The Internet of Things (IoT), a megatrend driven by embedded intelligence, is about creating a world filled with smart, interactive objects, each capable of providing actionable information about itself, its users, or its environment. Gartner and McKinsey have identified IoT as one of the Top 10 strategic technologies for the next decade.
Although the IoT is more than a trillion dollar market today, the cost of electronics that enable it has limited its market reach. Large market segments remain unaddressed because traditional electronics are simply too expensive.
Ericsson, the Swedish technology giant, estimates there will be 50 billion connected devices by 2020, and projects the market value of Printed Electronics to reach 2 trillion (USD) by 2015. Inexpensive, disposable Smart Labels based on Printed Electronics could be placed on billions of items each year, eventually removing the cost barrier for the IoT.
Memory and sensors together in a disposable electronic label.
(Source: Thin Film Electronics)
Printed Electronics that are comprised of logic and memory at the core can capture data and retain it on non-volatile storage. It can capture the temperature of a perishable food item or pharmaceutical product and store it to later be read by a handheld reader. A Smart Label can alert a grocery store manager about lettuce approaching a safety temperature threshold in time to take corrective action.

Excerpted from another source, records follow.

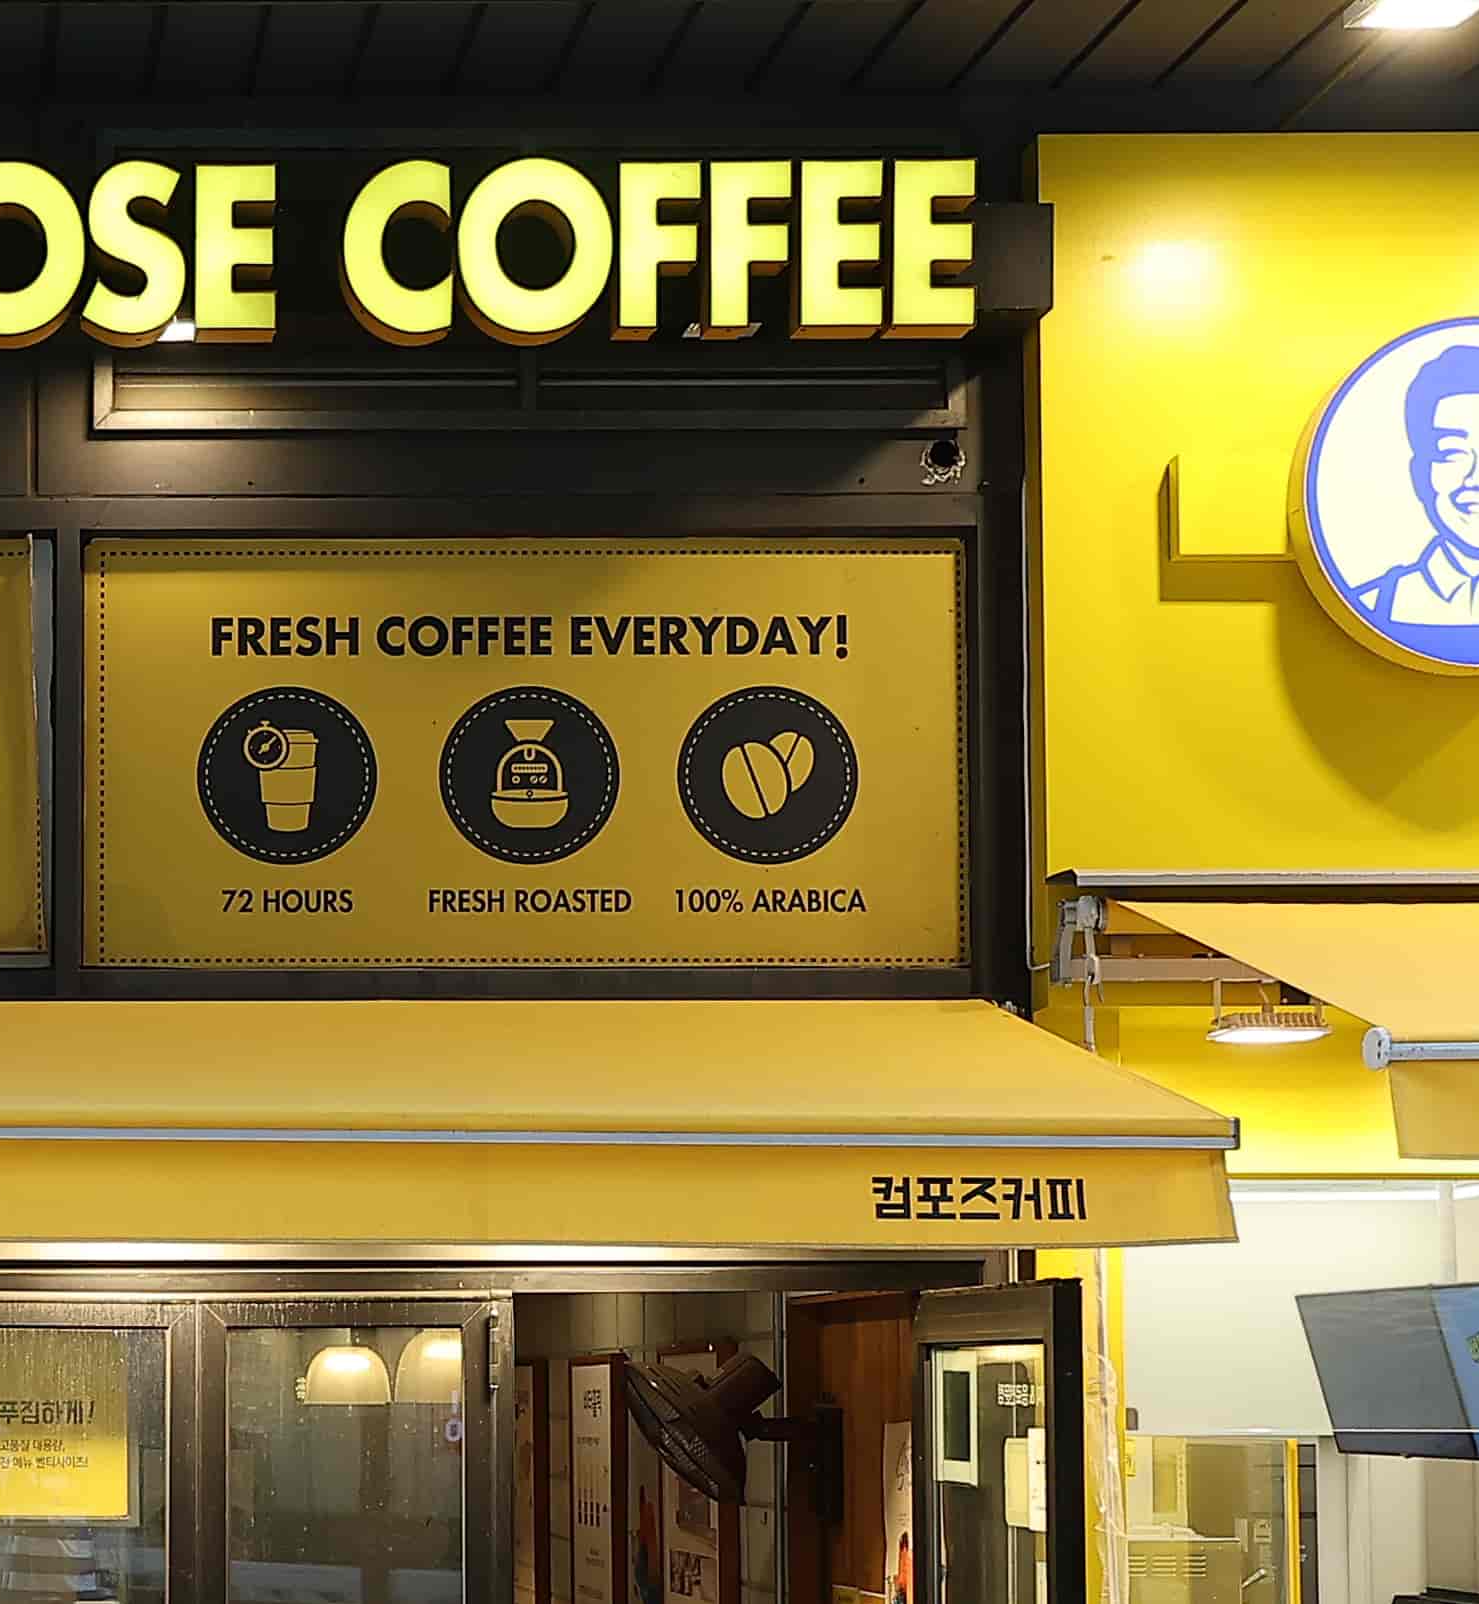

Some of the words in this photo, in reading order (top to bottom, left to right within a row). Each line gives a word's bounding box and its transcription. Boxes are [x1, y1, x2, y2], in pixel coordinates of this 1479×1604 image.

[344, 158, 976, 343] COFFEE
[211, 616, 360, 657] FRESH
[374, 615, 553, 658] COFFEE
[571, 615, 849, 659] EVERYDAY!
[221, 889, 254, 914] 72
[262, 889, 354, 914] HOURS
[427, 889, 509, 914] FRESH
[515, 889, 633, 914] ROASTED
[675, 889, 744, 914] 100%
[751, 889, 867, 914] ARABICA
[872, 1176, 1087, 1220] 컴포즈커피
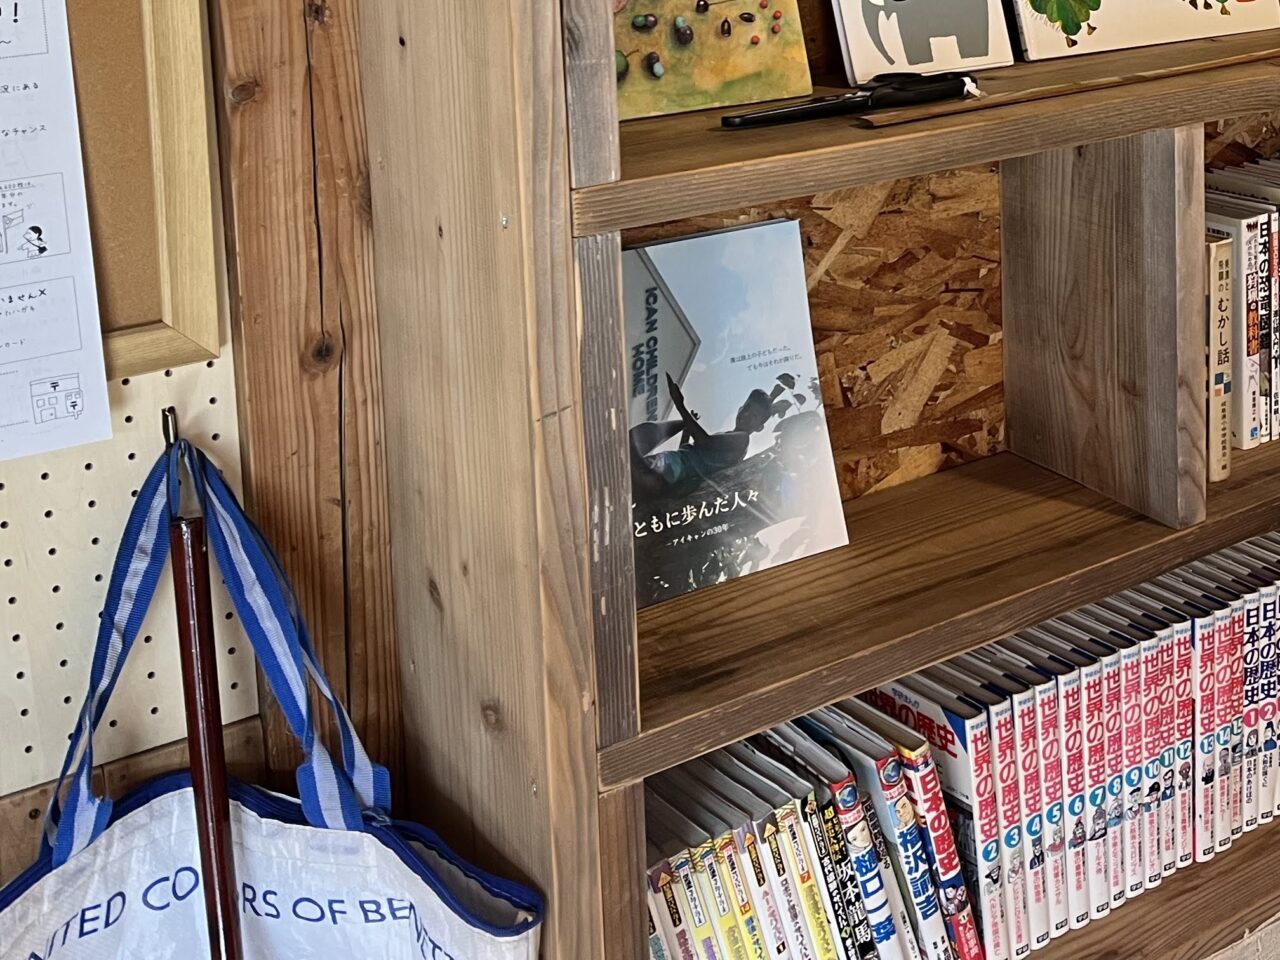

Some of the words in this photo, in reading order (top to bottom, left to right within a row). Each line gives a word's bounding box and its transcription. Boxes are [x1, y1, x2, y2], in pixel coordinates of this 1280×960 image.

[645, 287, 658, 334] ICAN
[1217, 298, 1230, 366] むかし話
[632, 343, 646, 398] HOME
[634, 490, 759, 538] ともに歩んだ人々
[1159, 642, 1175, 747] 世界の歴史
[1175, 636, 1192, 742] 世界の歴史
[1200, 634, 1215, 737] 世界の歴史
[1215, 623, 1232, 727] 世界の歴史
[1244, 608, 1260, 707] 日本の歴史
[1259, 602, 1277, 701] 日本の歴史
[1039, 692, 1063, 806] 世界の歴史
[1063, 685, 1085, 797] 世界の歴史
[1085, 680, 1107, 788] 世界の歴史
[1104, 669, 1123, 777] 世界の歴史
[1123, 658, 1143, 768] 世界の歴史
[1142, 651, 1161, 759] 世界の歴史
[971, 728, 999, 844] 世界の歴史
[995, 716, 1020, 830] 世界の歴史
[1018, 706, 1041, 817] 世界の歴史
[897, 820, 941, 920] 福沢諭吉
[919, 768, 961, 877] 日本の歴史
[292, 897, 347, 925] OF
[836, 857, 872, 944] 坂本龍馬
[853, 851, 897, 944] 樋口一葉

Low-cost Printed Electronics can make this possible with negligible impact on the cost of the product. The world is at the beginning of the digitization of everything. Cars, appliances, and devices of all sorts will have embedded digital intelligence and communication. Printed, electronic Smart Labels will become so cost-effective they can be used to add intelligence to everyday, even disposable, items.

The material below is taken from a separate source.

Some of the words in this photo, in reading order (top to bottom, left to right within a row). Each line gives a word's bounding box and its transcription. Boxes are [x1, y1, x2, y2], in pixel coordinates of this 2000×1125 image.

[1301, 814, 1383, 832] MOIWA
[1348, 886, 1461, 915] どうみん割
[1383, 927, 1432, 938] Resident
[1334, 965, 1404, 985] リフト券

What is printed electronics?
A set of printed methods used to create electrical devices on various substrates, Printed Electronics uses common printing equipment, such as screen-printing, flexography, gravure, offset lithography, or ink jet printing. The inks are deposited on a substrate, creating active or passive devices, such as Thinfilm transistors or resistors, producing massive volumes of processors quickly and at extremely low cost.

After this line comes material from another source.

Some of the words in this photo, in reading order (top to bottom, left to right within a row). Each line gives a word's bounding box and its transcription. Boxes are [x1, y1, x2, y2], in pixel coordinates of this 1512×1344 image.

Printed Electronics makes it possible to develop, enable, and share system intelligence, and do so at a cost that makes it practical. This allows product designers to create new products by adding digital intelligence that was not possible before -- adding just what is needed for an application and no more. It also allows for the development of new business models; new ways to take products to market. This is possible because Printed Electronics reduces the cost of digital intelligence and business risk.
For example, Thin Film Electronics, a pioneer in the field of Printed Electronics, produces the only commercially available printed rewritable memory, which can be printed at high volumes on roll-to-roll printing presses. Thinfilm added logic functionality to its memory in collaboration with PARC, a Xerox company, and added partners for a printed sensor, battery, wireless communication, and a display to its ecosystem. The company developed a fully printed electronic temperature-sensing label to compete in the $3.5B temperature-sensing market at a price point comparable to color-changing chemical labels.